◆ **ACTION ITEM**
A word-for-word transcription of every record is needed.

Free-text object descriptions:
★ ★ ★
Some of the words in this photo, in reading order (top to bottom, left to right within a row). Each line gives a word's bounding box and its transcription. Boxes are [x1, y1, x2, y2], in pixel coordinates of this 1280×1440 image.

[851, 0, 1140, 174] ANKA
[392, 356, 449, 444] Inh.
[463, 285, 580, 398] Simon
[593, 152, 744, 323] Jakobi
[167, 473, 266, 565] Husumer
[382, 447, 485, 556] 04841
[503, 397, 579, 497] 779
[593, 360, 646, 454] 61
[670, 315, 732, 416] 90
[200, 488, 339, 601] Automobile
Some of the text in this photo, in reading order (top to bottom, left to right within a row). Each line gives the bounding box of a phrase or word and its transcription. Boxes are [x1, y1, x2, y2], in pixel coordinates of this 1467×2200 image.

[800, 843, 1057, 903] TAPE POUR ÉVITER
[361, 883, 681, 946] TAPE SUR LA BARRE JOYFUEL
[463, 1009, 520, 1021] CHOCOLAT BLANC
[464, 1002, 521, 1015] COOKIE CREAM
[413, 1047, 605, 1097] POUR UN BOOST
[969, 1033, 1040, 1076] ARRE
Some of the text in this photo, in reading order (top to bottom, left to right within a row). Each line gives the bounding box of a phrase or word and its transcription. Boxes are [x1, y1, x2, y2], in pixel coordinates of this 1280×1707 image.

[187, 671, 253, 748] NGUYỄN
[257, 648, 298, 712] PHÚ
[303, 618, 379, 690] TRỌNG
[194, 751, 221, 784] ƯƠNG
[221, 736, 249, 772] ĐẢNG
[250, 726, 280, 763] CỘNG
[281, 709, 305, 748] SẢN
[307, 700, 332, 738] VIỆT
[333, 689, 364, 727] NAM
★ ★ ★
◆ **ANSWER SPACE**
Some of the words in this photo, in reading order (top to bottom, left to right within a row). Each line gives a word's bounding box and its transcription. Boxes are [x1, y1, x2, y2], in pixel coordinates of this 1280×1440 image.

[851, 0, 1140, 174] ANKA
[392, 356, 449, 444] Inh.
[463, 285, 580, 398] Simon
[593, 152, 744, 323] Jakobi
[167, 473, 266, 565] Husumer
[382, 447, 485, 556] 04841
[503, 397, 579, 497] 779
[593, 360, 646, 454] 61
[670, 315, 732, 416] 90
[200, 488, 339, 601] Automobile
Some of the text in this photo, in reading order (top to bottom, left to right within a row). Each line gives the bounding box of a phrase or word and its transcription. Boxes are [x1, y1, x2, y2], in pixel coordinates of this 1467×2200 image.

[800, 843, 1057, 903] TAPE POUR ÉVITER
[361, 883, 681, 946] TAPE SUR LA BARRE JOYFUEL
[463, 1009, 520, 1021] CHOCOLAT BLANC
[464, 1002, 521, 1015] COOKIE CREAM
[413, 1047, 605, 1097] POUR UN BOOST
[969, 1033, 1040, 1076] ARRE
Some of the text in this photo, in reading order (top to bottom, left to right within a row). Each line gives the bounding box of a phrase or word and its transcription. Boxes are [x1, y1, x2, y2], in pixel coordinates of this 1280×1707 image.

[187, 671, 253, 748] NGUYỄN
[257, 648, 298, 712] PHÚ
[303, 618, 379, 690] TRỌNG
[194, 751, 221, 784] ƯƠNG
[221, 736, 249, 772] ĐẢNG
[250, 726, 280, 763] CỘNG
[281, 709, 305, 748] SẢN
[307, 700, 332, 738] VIỆT
[333, 689, 364, 727] NAM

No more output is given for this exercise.